* PROBLEM *
Below are records to reproduce in full; copy them exactly but keep the pictures out.

Dataset entries
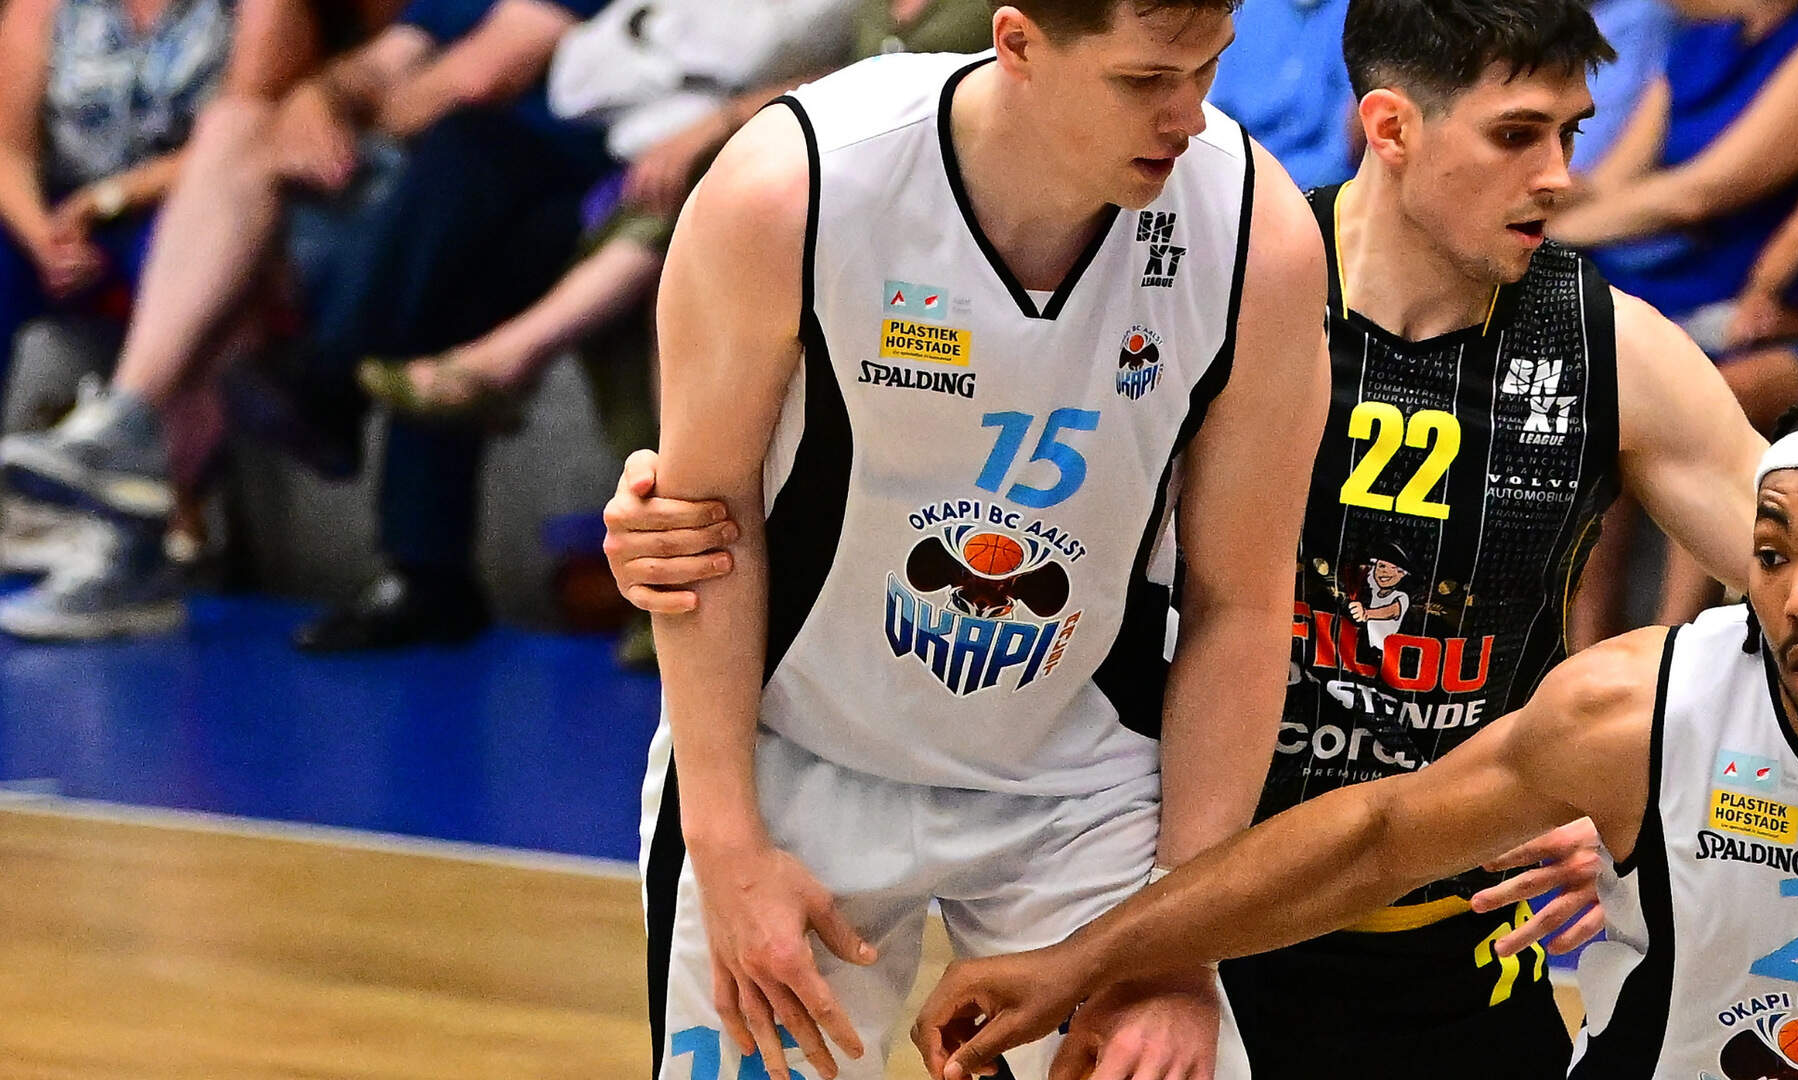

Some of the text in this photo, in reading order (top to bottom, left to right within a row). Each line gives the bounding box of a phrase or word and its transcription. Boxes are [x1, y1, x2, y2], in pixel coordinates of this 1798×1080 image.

[1141, 276, 1174, 288] LEAGUE
[890, 321, 958, 342] PLASTIEK
[885, 335, 961, 356] HOFSTADE
[858, 360, 976, 399] SPALDING
[1518, 432, 1566, 446] LEAGUE
[975, 407, 1101, 509] 15
[1339, 401, 1462, 520] 22
[1488, 473, 1578, 489] VOLVO
[909, 500, 1086, 563] OKAPI BC AALST
[884, 571, 1061, 696] OKAPI
[1720, 792, 1788, 818] PLASTIEK
[1715, 807, 1791, 834] HOFSTADE
[1718, 992, 1790, 1027] OKAPI
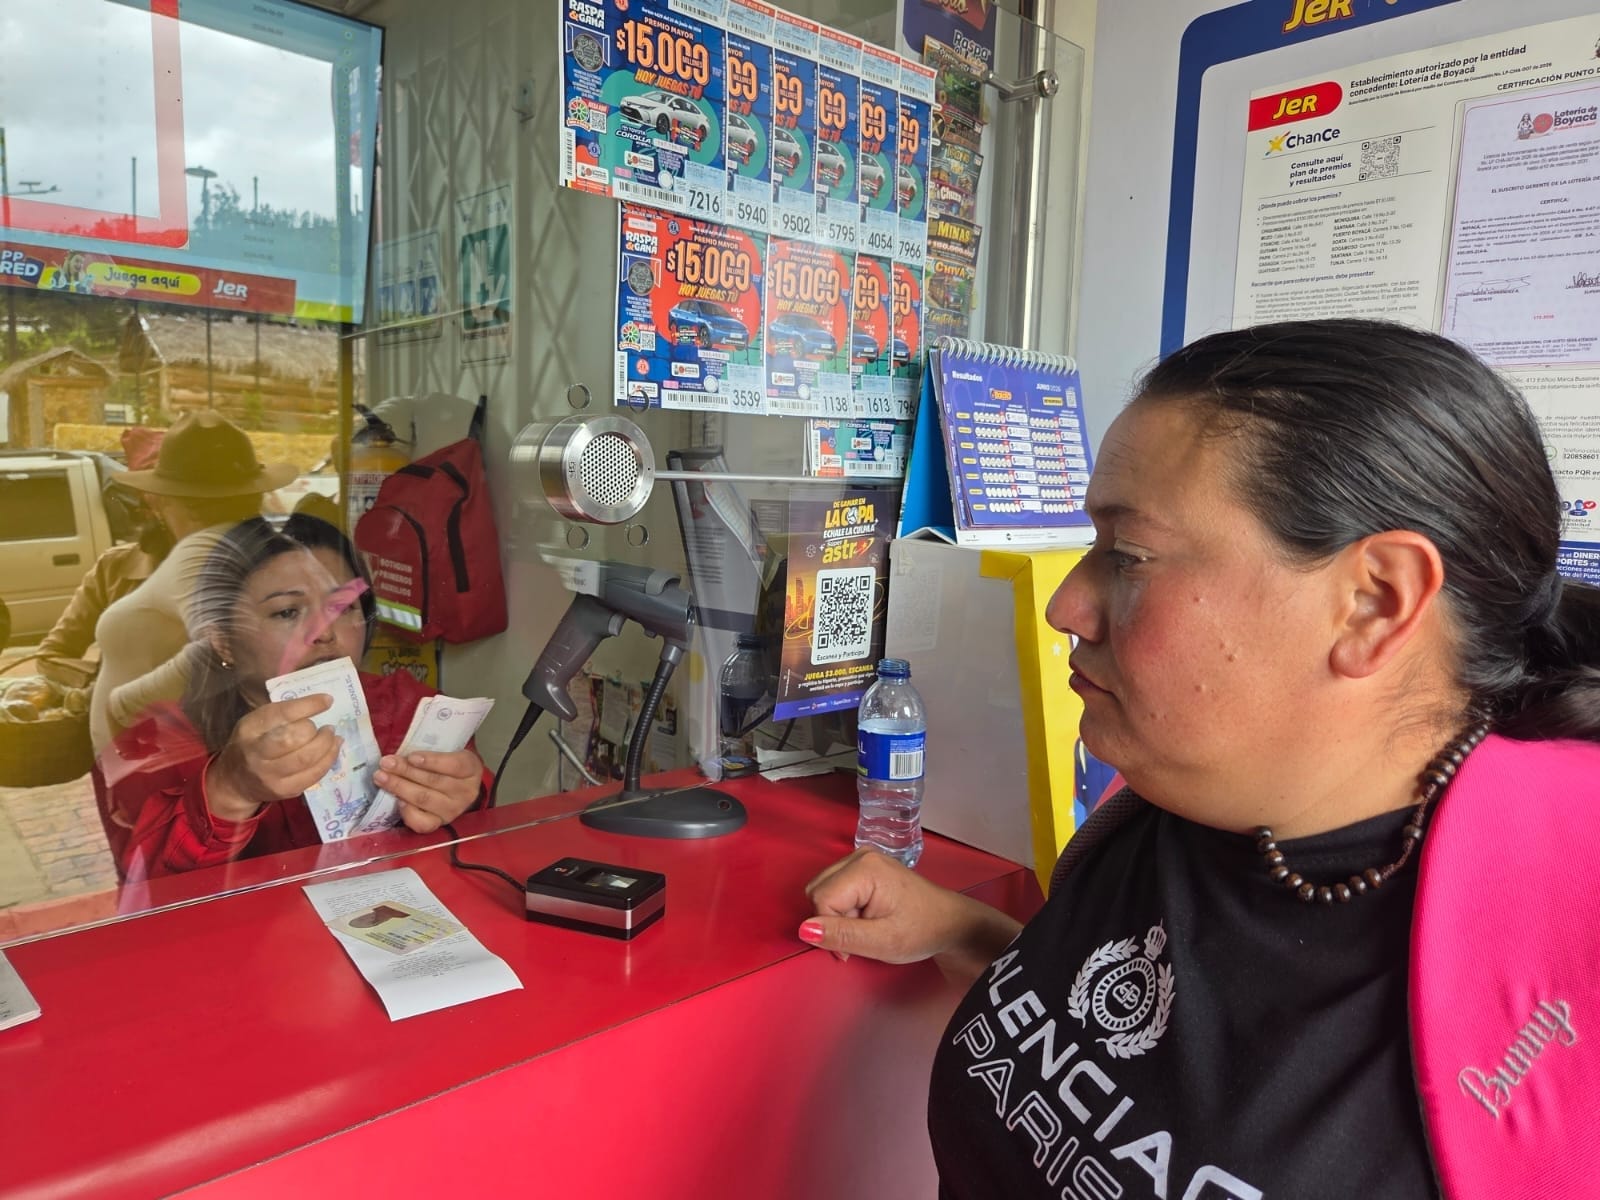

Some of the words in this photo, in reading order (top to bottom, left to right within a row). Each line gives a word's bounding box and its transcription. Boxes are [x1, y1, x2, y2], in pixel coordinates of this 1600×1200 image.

[569, 0, 605, 20] RASPA
[644, 17, 670, 32] PREMIO
[670, 26, 694, 41] MAYOR
[616, 20, 710, 86] $15.000
[952, 30, 991, 62] Raspa
[1350, 67, 1414, 88] Establecimiento
[1415, 58, 1461, 76] autorizado
[1462, 55, 1478, 68] por
[1480, 52, 1488, 62] la
[1489, 45, 1526, 60] entidad
[635, 70, 656, 85] HOY
[656, 75, 688, 94] JUEGAS
[1349, 81, 1398, 98] concedente:
[1399, 73, 1429, 87] Lotería
[1430, 70, 1442, 81] de
[1443, 65, 1476, 80] Boyacá
[1497, 73, 1562, 91] CERTIFICACIÓN
[1564, 68, 1595, 80] PUNTO
[1553, 112, 1598, 127] Boyacá
[1554, 106, 1587, 119] Lotería
[1290, 170, 1306, 179] plan
[1308, 167, 1318, 175] de
[1320, 162, 1352, 174] premios
[1291, 158, 1324, 170] Consulte
[1326, 154, 1344, 165] aquí
[1296, 173, 1336, 185] resultados
[689, 190, 719, 213] 7216
[737, 202, 767, 224] 5940
[782, 214, 811, 235] 9502
[828, 223, 855, 244] 5795
[937, 220, 971, 242] MINAS
[625, 231, 658, 246] RASPA
[694, 235, 718, 246] PREMIO
[718, 240, 738, 250] MAYOR
[867, 232, 893, 251] 4054
[899, 240, 921, 258] 7966
[0, 263, 39, 280] RED
[666, 240, 751, 291] $15.000
[103, 267, 147, 291] Juega
[151, 274, 181, 292] aquí
[679, 283, 695, 296] HOY
[695, 286, 726, 301] JUEGAS
[777, 300, 792, 311] HOY
[792, 302, 820, 315] JUEGAS
[951, 370, 983, 383] Resultados
[731, 390, 761, 408] 3539
[823, 396, 848, 412] 1138
[867, 397, 890, 413] 1613
[896, 399, 916, 413] 796
[825, 509, 841, 528] LA
[1574, 552, 1600, 560] DINER
[380, 558, 413, 573] BOTIQUIN
[379, 570, 413, 586] PRIMEROS
[817, 653, 838, 662] Escanea
[842, 650, 865, 660] Participa
[805, 671, 825, 681] JUEGA
[848, 664, 874, 674] ESCANEA
[325, 819, 344, 840] 50
[1458, 996, 1579, 1119] Bunny
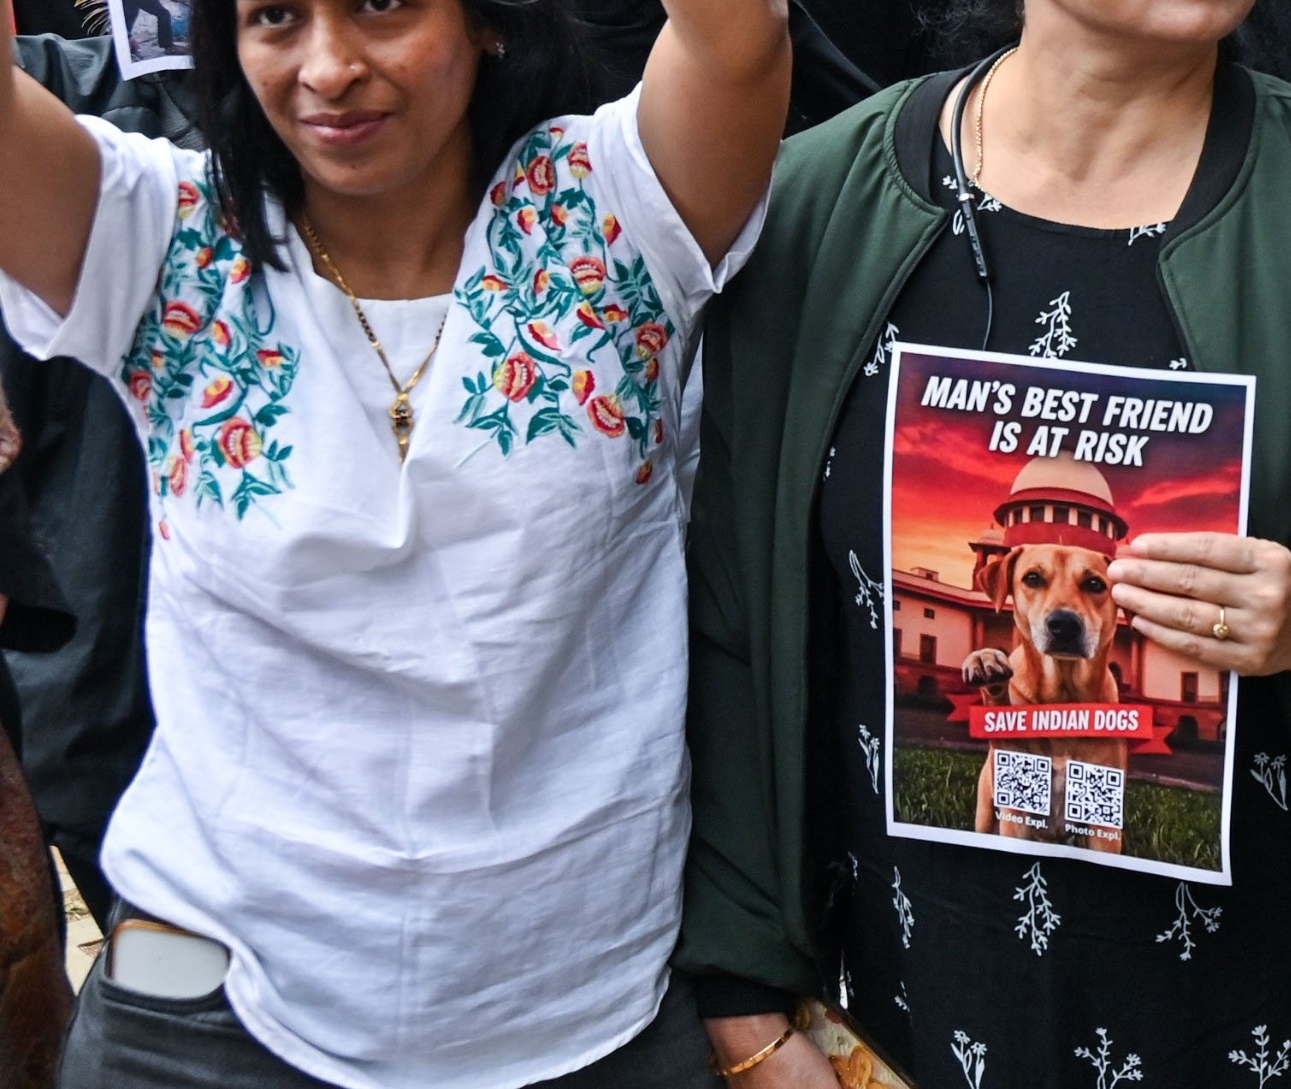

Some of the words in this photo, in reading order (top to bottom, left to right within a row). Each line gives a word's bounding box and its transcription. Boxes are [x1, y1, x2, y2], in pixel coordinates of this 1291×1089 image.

[920, 375, 1016, 415] MAN'S
[1020, 385, 1098, 425] BEST
[1102, 395, 1214, 434] FRIEND
[988, 420, 1022, 454] IS
[1027, 425, 1070, 458] AT
[1073, 431, 1150, 468] RISK
[984, 711, 1027, 733] SAVE
[1032, 710, 1090, 731] INDIAN
[1093, 709, 1140, 731] DOGS
[995, 811, 1023, 826] Video
[1025, 815, 1048, 830] Expl.
[1065, 823, 1094, 838] Photo
[1096, 828, 1121, 842] Expl.
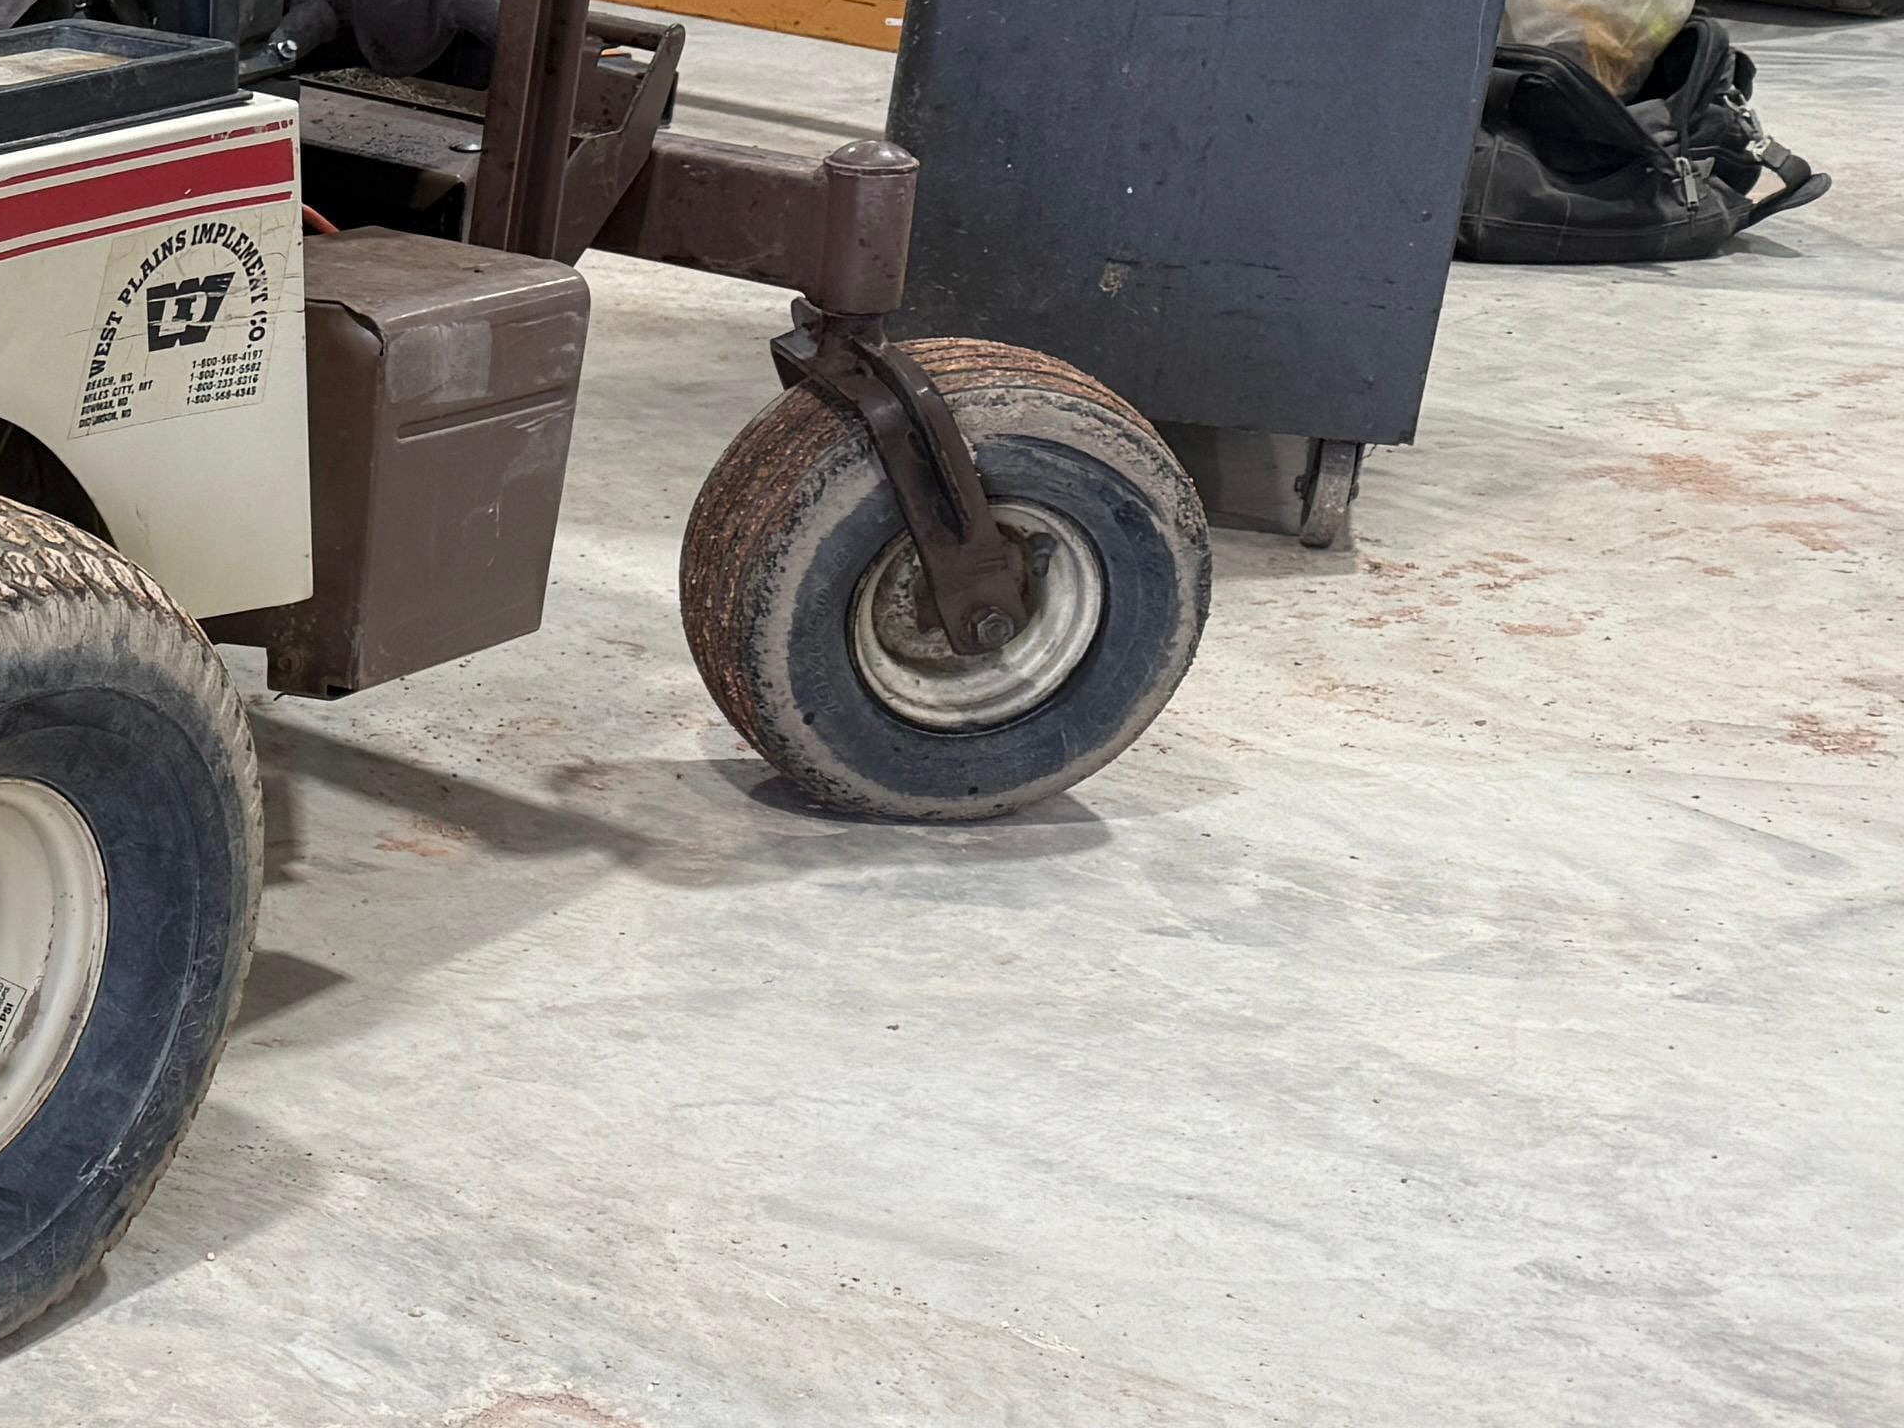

* PROBLEM SOLUTION *
Some of the text in this photo, in reading order (top to bottom, left to right within a row). Each line gives the bounding box of a phrase or word and its transcription. Boxes are [x1, y1, x2, y2], in pixel coordinates of this 1798×1080 image.

[1141, 276, 1174, 288] LEAGUE
[890, 321, 958, 342] PLASTIEK
[885, 335, 961, 356] HOFSTADE
[858, 360, 976, 399] SPALDING
[1518, 432, 1566, 446] LEAGUE
[975, 407, 1101, 509] 15
[1339, 401, 1462, 520] 22
[1488, 473, 1578, 489] VOLVO
[909, 500, 1086, 563] OKAPI BC AALST
[884, 571, 1061, 696] OKAPI
[1720, 792, 1788, 818] PLASTIEK
[1715, 807, 1791, 834] HOFSTADE
[1718, 992, 1790, 1027] OKAPI

Some of the words in this photo, in reading order (top to bottom, left to right within a row). Each line gives a word's bounding box and its transcription. Boxes are [x1, y1, x2, y2], in pixel coordinates of this 1600×1200 image.

[569, 0, 605, 20] RASPA
[644, 17, 670, 32] PREMIO
[670, 26, 694, 41] MAYOR
[616, 20, 710, 86] $15.000
[952, 30, 991, 62] Raspa
[1350, 67, 1414, 88] Establecimiento
[1415, 58, 1461, 76] autorizado
[1462, 55, 1478, 68] por
[1480, 52, 1488, 62] la
[1489, 45, 1526, 60] entidad
[635, 70, 656, 85] HOY
[656, 75, 688, 94] JUEGAS
[1349, 81, 1398, 98] concedente:
[1399, 73, 1429, 87] Lotería
[1430, 70, 1442, 81] de
[1443, 65, 1476, 80] Boyacá
[1497, 73, 1562, 91] CERTIFICACIÓN
[1564, 68, 1595, 80] PUNTO
[1553, 112, 1598, 127] Boyacá
[1554, 106, 1587, 119] Lotería
[1290, 170, 1306, 179] plan
[1308, 167, 1318, 175] de
[1320, 162, 1352, 174] premios
[1291, 158, 1324, 170] Consulte
[1326, 154, 1344, 165] aquí
[1296, 173, 1336, 185] resultados
[689, 190, 719, 213] 7216
[737, 202, 767, 224] 5940
[782, 214, 811, 235] 9502
[828, 223, 855, 244] 5795
[937, 220, 971, 242] MINAS
[625, 231, 658, 246] RASPA
[694, 235, 718, 246] PREMIO
[718, 240, 738, 250] MAYOR
[867, 232, 893, 251] 4054
[899, 240, 921, 258] 7966
[0, 263, 39, 280] RED
[666, 240, 751, 291] $15.000
[103, 267, 147, 291] Juega
[151, 274, 181, 292] aquí
[679, 283, 695, 296] HOY
[695, 286, 726, 301] JUEGAS
[777, 300, 792, 311] HOY
[792, 302, 820, 315] JUEGAS
[951, 370, 983, 383] Resultados
[731, 390, 761, 408] 3539
[823, 396, 848, 412] 1138
[867, 397, 890, 413] 1613
[896, 399, 916, 413] 796
[825, 509, 841, 528] LA
[1574, 552, 1600, 560] DINER
[380, 558, 413, 573] BOTIQUIN
[379, 570, 413, 586] PRIMEROS
[817, 653, 838, 662] Escanea
[842, 650, 865, 660] Participa
[805, 671, 825, 681] JUEGA
[848, 664, 874, 674] ESCANEA
[325, 819, 344, 840] 50
[1458, 996, 1579, 1119] Bunny

Some of the words in this photo, in reading order (top to bottom, left to right within a row). Each line gives a word's bounding box and its transcription. Boxes are [x1, y1, x2, y2], in pixel coordinates of this 1291×1089 image.

[920, 375, 1016, 415] MAN'S
[1020, 385, 1098, 425] BEST
[1102, 395, 1214, 434] FRIEND
[988, 420, 1022, 454] IS
[1027, 425, 1070, 458] AT
[1073, 431, 1150, 468] RISK
[984, 711, 1027, 733] SAVE
[1032, 710, 1090, 731] INDIAN
[1093, 709, 1140, 731] DOGS
[995, 811, 1023, 826] Video
[1025, 815, 1048, 830] Expl.
[1065, 823, 1094, 838] Photo
[1096, 828, 1121, 842] Expl.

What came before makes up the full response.